_Task requirements_. Set the records down again, exactly, without their images.
╔══
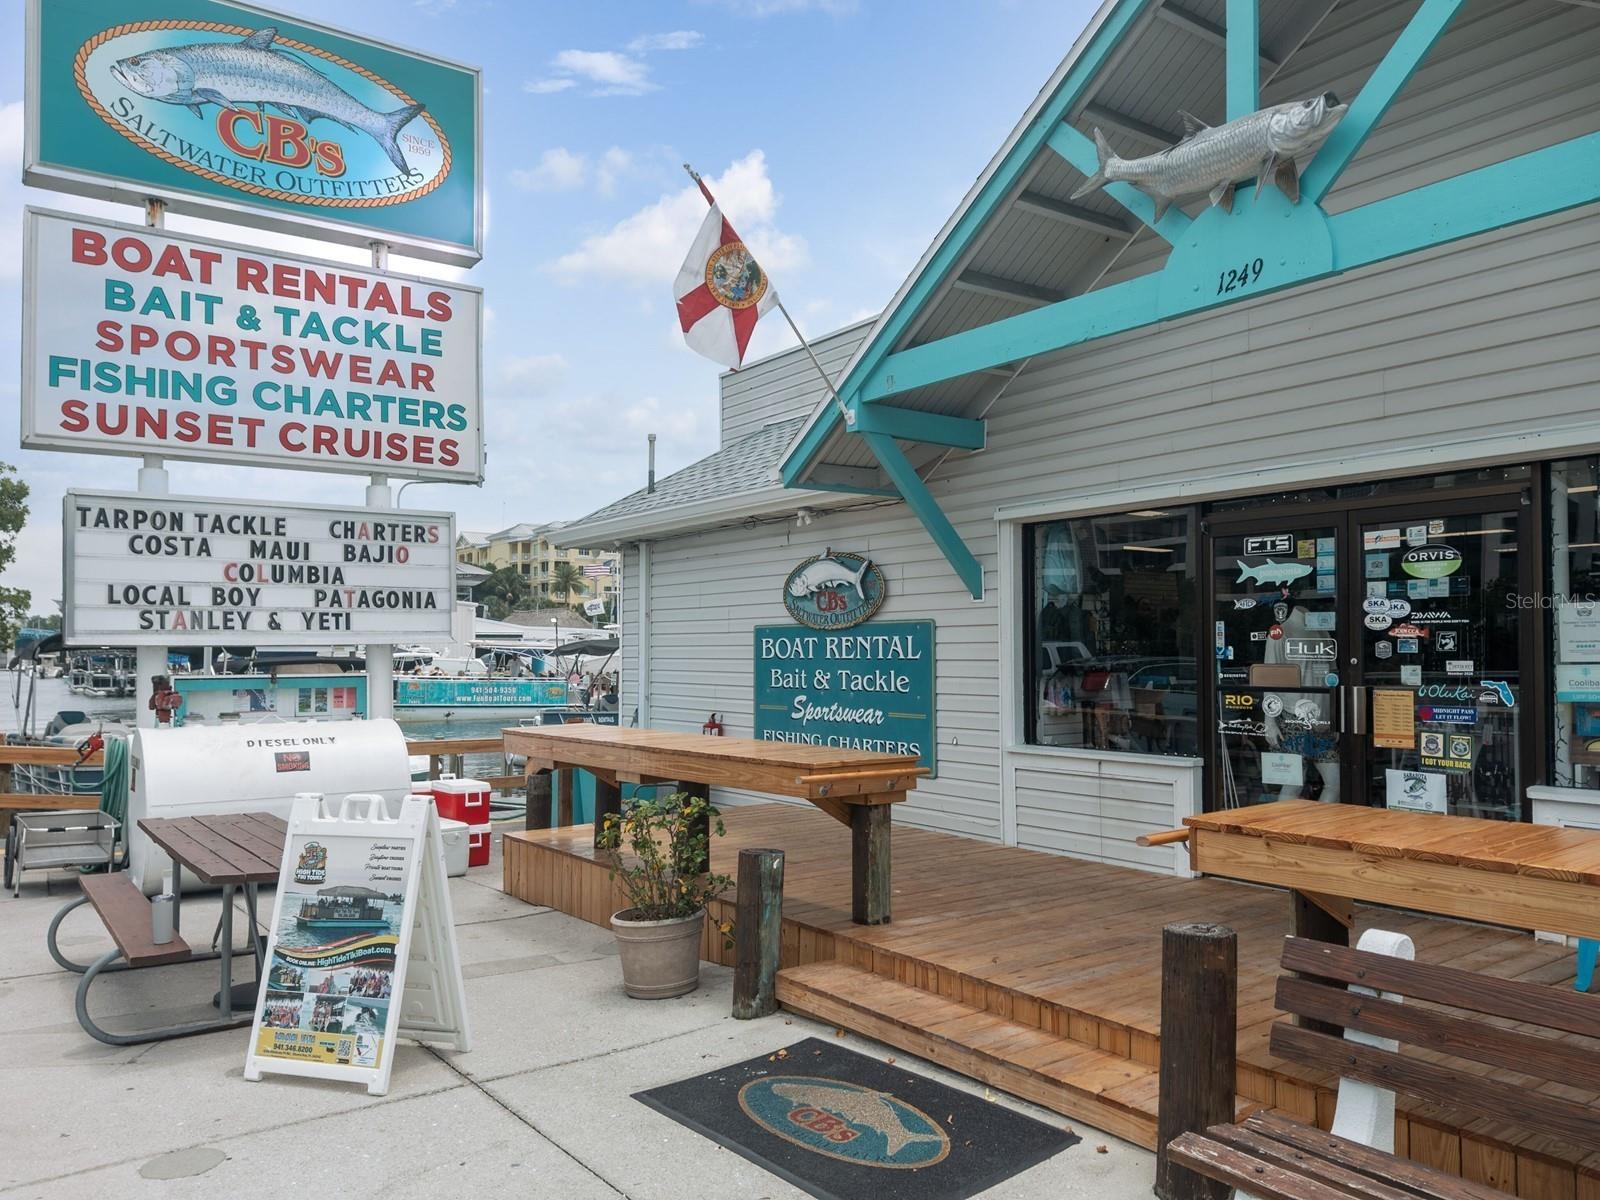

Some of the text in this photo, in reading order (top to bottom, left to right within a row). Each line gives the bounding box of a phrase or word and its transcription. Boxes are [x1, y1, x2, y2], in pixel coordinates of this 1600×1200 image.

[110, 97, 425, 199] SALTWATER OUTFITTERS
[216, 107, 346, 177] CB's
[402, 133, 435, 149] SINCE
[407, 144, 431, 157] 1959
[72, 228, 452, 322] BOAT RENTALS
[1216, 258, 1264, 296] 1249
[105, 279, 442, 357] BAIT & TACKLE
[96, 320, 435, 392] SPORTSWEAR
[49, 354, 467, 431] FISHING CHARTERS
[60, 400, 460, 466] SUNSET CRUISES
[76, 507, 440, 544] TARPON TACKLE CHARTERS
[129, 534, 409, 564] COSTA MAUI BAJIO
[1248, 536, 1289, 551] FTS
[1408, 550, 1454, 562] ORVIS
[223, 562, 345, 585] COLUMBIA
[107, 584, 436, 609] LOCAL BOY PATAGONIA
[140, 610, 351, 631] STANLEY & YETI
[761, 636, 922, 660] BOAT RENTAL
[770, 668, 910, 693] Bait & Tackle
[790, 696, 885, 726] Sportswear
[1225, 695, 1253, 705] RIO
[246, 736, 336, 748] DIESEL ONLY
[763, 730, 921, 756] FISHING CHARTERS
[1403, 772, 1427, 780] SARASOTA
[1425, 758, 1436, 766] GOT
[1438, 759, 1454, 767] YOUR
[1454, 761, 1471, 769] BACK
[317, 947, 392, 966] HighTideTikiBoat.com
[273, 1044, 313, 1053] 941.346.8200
╚══
_Task output_.
Some of the text in this photo, in reading order (top to bottom, left to right within a row). Each line gives the bounding box of a phrase or word and its transcription. Boxes are [x1, y1, x2, y2], in pixel coordinates of this 1600×1200 image.

[110, 97, 425, 199] SALTWATER OUTFITTERS
[216, 107, 346, 177] CB's
[402, 133, 435, 149] SINCE
[407, 144, 431, 157] 1959
[72, 228, 452, 322] BOAT RENTALS
[1216, 258, 1264, 296] 1249
[105, 279, 442, 357] BAIT & TACKLE
[96, 320, 435, 392] SPORTSWEAR
[49, 354, 467, 431] FISHING CHARTERS
[60, 400, 460, 466] SUNSET CRUISES
[76, 507, 440, 544] TARPON TACKLE CHARTERS
[129, 534, 409, 564] COSTA MAUI BAJIO
[1248, 536, 1289, 551] FTS
[1408, 550, 1454, 562] ORVIS
[223, 562, 345, 585] COLUMBIA
[107, 584, 436, 609] LOCAL BOY PATAGONIA
[140, 610, 351, 631] STANLEY & YETI
[761, 636, 922, 660] BOAT RENTAL
[770, 668, 910, 693] Bait & Tackle
[790, 696, 885, 726] Sportswear
[1225, 695, 1253, 705] RIO
[246, 736, 336, 748] DIESEL ONLY
[763, 730, 921, 756] FISHING CHARTERS
[1403, 772, 1427, 780] SARASOTA
[1425, 758, 1436, 766] GOT
[1438, 759, 1454, 767] YOUR
[1454, 761, 1471, 769] BACK
[317, 947, 392, 966] HighTideTikiBoat.com
[273, 1044, 313, 1053] 941.346.8200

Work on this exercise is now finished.